Beberapa hari setelah polisi mengepung Desa Wadas pada 8 Februari 2022, kita menyaksikan bagaimana pertunjukan bahasa dan kekuasaan melalui permainan kata-kata kunci tertentu sedang dioperasikan oleh pihak-pihak lebih berkuasa untuk mengecilkan penolakan warga Wadas atas rencana tambang andesit di desa mereka.
Pejabat-pejabat publik bahkan turut menyangkal kesaksian versi warga mengenai apa yang terjadi hari itu. Salah satunya adalah pernyataan Menteri Koordinator Bidang Politik, Hukum, dan Keamanan Mahfud MD yang mengatakan tidak benar situasi di Desa Wadas mencekam, juga tidak benar ada kekerasan. Belakangan Mahfud menyebutnya “sempat ada gesekan”.
Perkara main kata ini bukan sekadar ceplosan kosong, tapi adalah perkara serius.

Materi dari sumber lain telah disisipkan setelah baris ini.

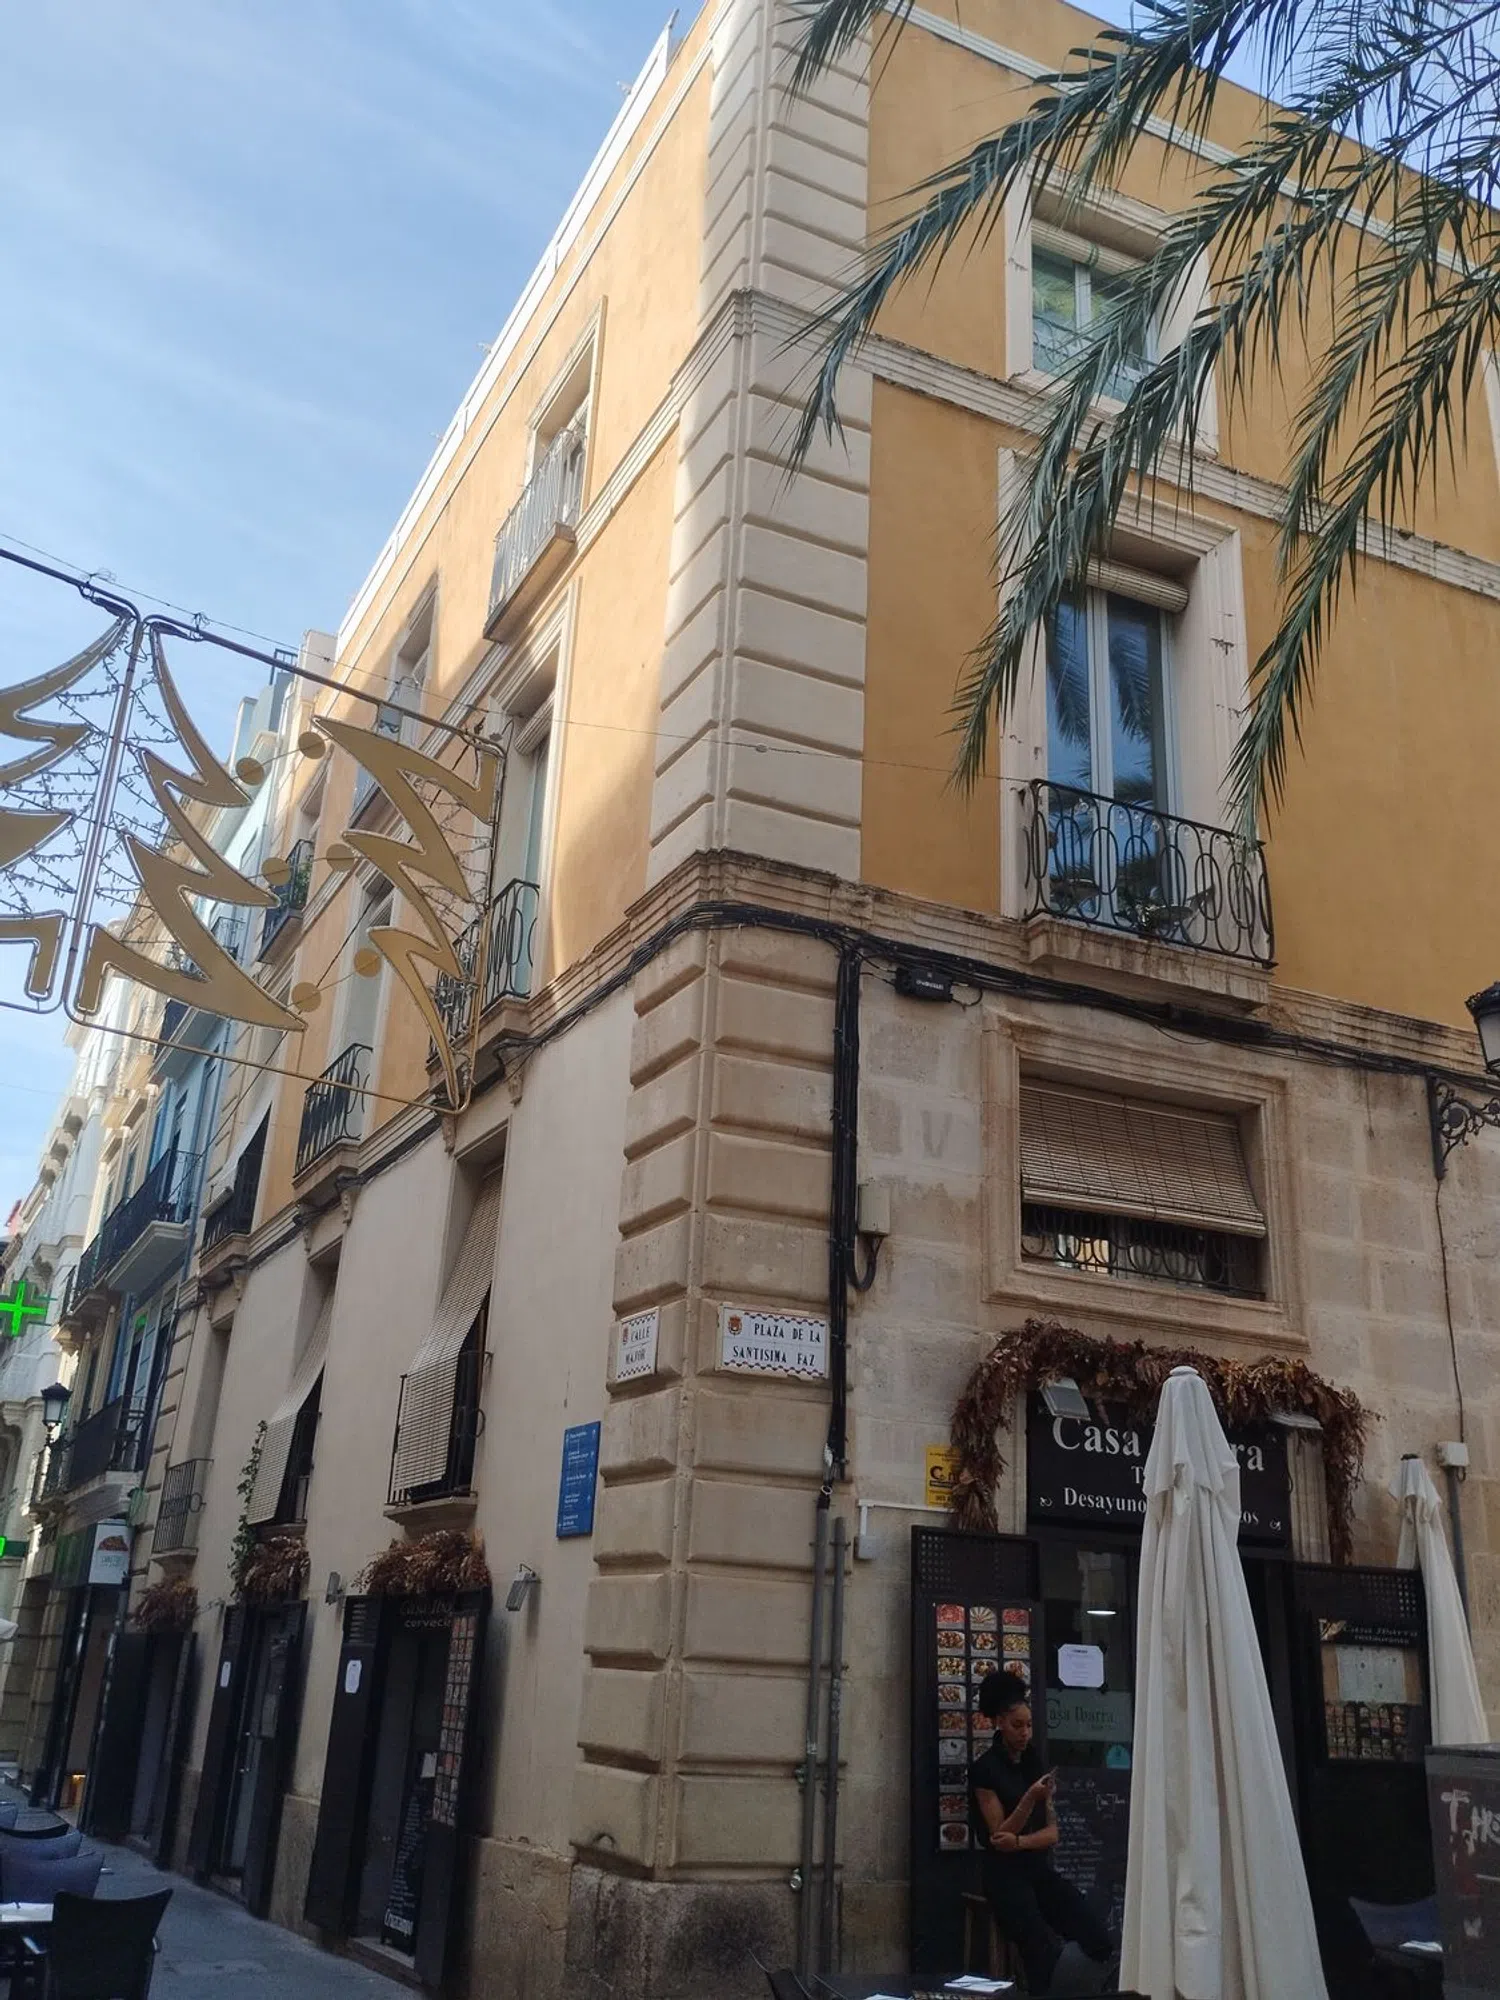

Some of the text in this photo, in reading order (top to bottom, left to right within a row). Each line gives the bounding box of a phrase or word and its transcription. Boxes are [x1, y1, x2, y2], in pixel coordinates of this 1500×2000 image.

[631, 1326, 652, 1343] CALLE
[754, 1323, 821, 1343] PLAZA DE LA
[733, 1345, 815, 1367] SANTISIMA FAZ
[1053, 1417, 1141, 1457] Casa
[1064, 1487, 1147, 1515] Desayuno

Pada 1996, penerbit Mizan menerbitkan sebuah buku berjudul Bahasa dan Kekuasaan. Buku itu berisi kumpulan tulisan dari 14 pemikir, tiga di antaranya adalah almarhum Daniel Dhakidae, Jalaluddin Rakhmat, dan Benedict Anderson, tentang bagaimana Orde Baru menguasai bahasa untuk mengukuhkan kekuatan negara.
Dua kutipan “highlight” dari beberapa tulisan dalam buku tersebut yakni:
“Jika benar kontrol bahasa secara terlembaga penting bagi pembentukan dan pengukuhan kekuatan negara, khususnya negara yang anti-rakyat, maka bisa dibayangkan gejala itu menonjol pada negara yang berwatak totalitarianisme,” tulis Ariel Heryanto.

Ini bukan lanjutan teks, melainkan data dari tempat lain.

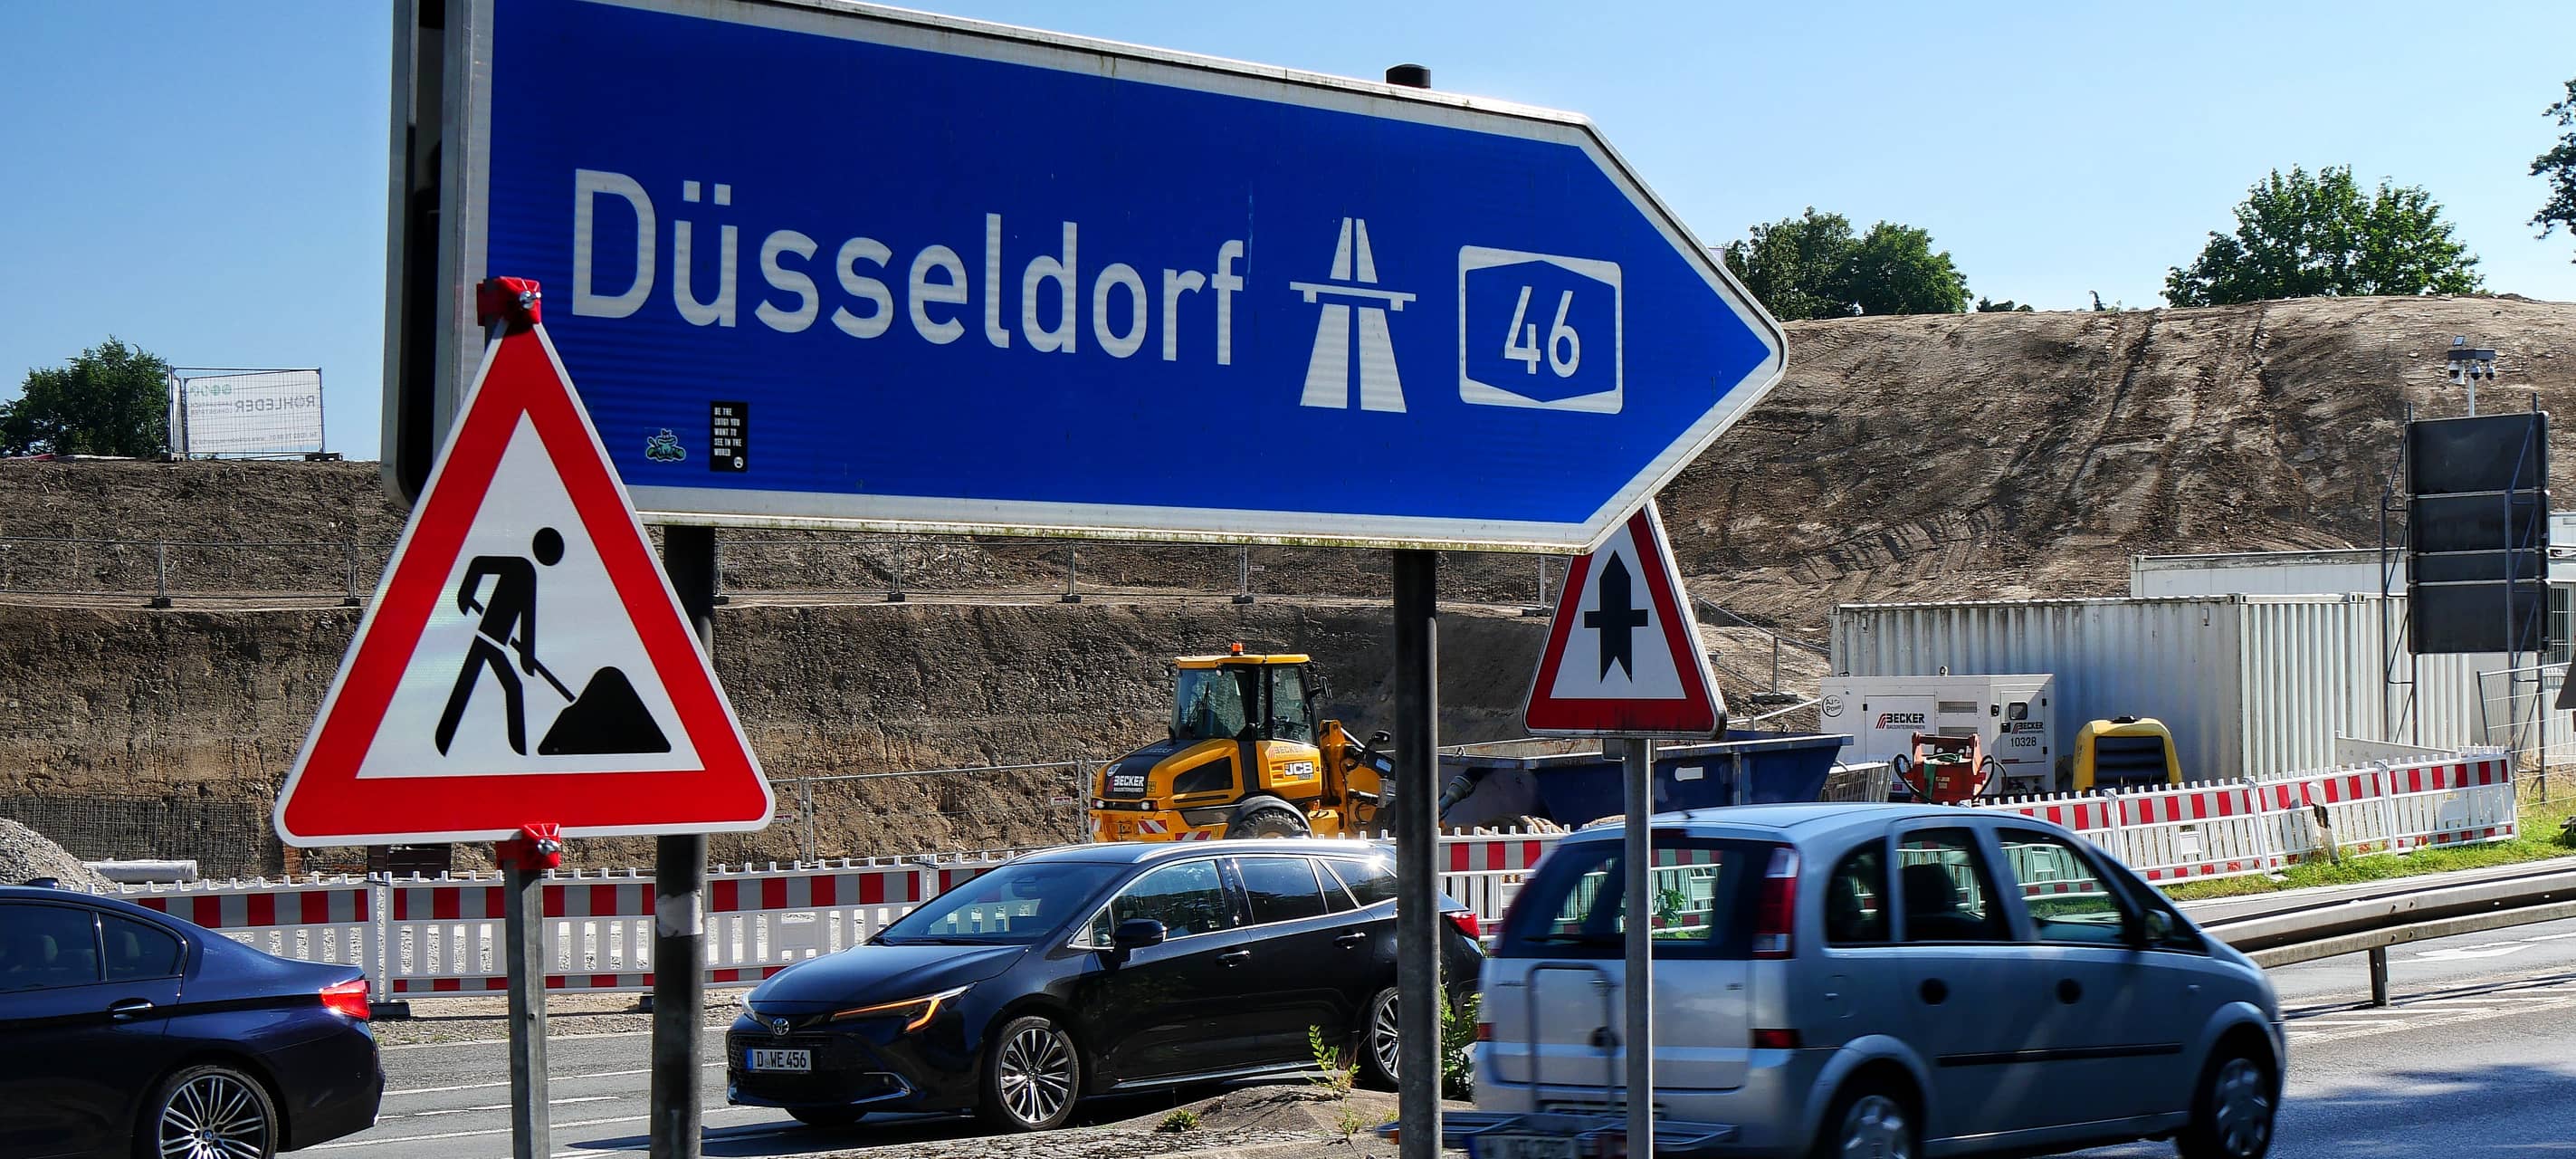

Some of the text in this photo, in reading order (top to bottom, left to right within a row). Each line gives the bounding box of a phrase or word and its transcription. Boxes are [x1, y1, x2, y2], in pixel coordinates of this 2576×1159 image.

[571, 168, 1244, 365] Düsseldorf
[1504, 285, 1580, 378] 46
[1885, 713, 1925, 723] BECKER
[2018, 721, 2044, 730] BECKER
[2010, 736, 2037, 747] 10328
[1284, 761, 1314, 776] JCB
[1113, 775, 1145, 787] BECKER
[786, 1051, 806, 1068] 456

“Demokrasi hanya mungkin kalau kita mampu mengadakan sesuatu debunking secara ideologis gejala-gejala berbahasa sebagai cetusan permainan kekuasaan. Membongkar semuanya itu adalah suatu jalan kecil menuju demokrasi, karena demokrasi tidak lain dari adanya suatu political communication antara pihak-pihak yang setara, atau menganggap dirinya setara,” tulis Daniel Dhakidae.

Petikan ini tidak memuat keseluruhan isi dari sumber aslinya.